◆ Work request:
Exactly as written, reproduce the lines from the one that contains "this 1621×1080 image." through the end of the records.

Materials provided START

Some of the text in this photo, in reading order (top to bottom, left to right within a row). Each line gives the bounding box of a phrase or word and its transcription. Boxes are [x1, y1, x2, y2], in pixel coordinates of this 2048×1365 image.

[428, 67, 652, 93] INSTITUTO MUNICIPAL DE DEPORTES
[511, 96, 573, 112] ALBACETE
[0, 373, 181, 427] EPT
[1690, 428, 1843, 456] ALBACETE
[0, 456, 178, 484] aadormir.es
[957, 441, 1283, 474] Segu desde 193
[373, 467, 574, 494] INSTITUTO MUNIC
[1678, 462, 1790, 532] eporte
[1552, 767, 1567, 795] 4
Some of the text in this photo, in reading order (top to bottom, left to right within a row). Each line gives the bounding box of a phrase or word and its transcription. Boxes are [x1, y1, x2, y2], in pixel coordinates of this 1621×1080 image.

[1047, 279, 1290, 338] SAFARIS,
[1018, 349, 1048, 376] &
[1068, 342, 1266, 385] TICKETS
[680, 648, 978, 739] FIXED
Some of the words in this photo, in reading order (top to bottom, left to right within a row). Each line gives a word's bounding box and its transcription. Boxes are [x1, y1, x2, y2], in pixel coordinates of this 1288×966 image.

Materials provided END

◆ Output for this task:
Some of the text in this photo, in reading order (top to bottom, left to right within a row). Each line gives the bounding box of a phrase or word and its transcription. Boxes are [x1, y1, x2, y2], in pixel coordinates of this 1621×1080 image.

[1047, 279, 1290, 338] SAFARIS,
[1018, 349, 1048, 376] &
[1068, 342, 1266, 385] TICKETS
[680, 648, 978, 739] FIXED
Some of the words in this photo, in reading order (top to bottom, left to right within a row). Each line gives a word's bounding box and its transcription. Boxes are [x1, y1, x2, y2], in pixel coordinates of this 1288×966 image.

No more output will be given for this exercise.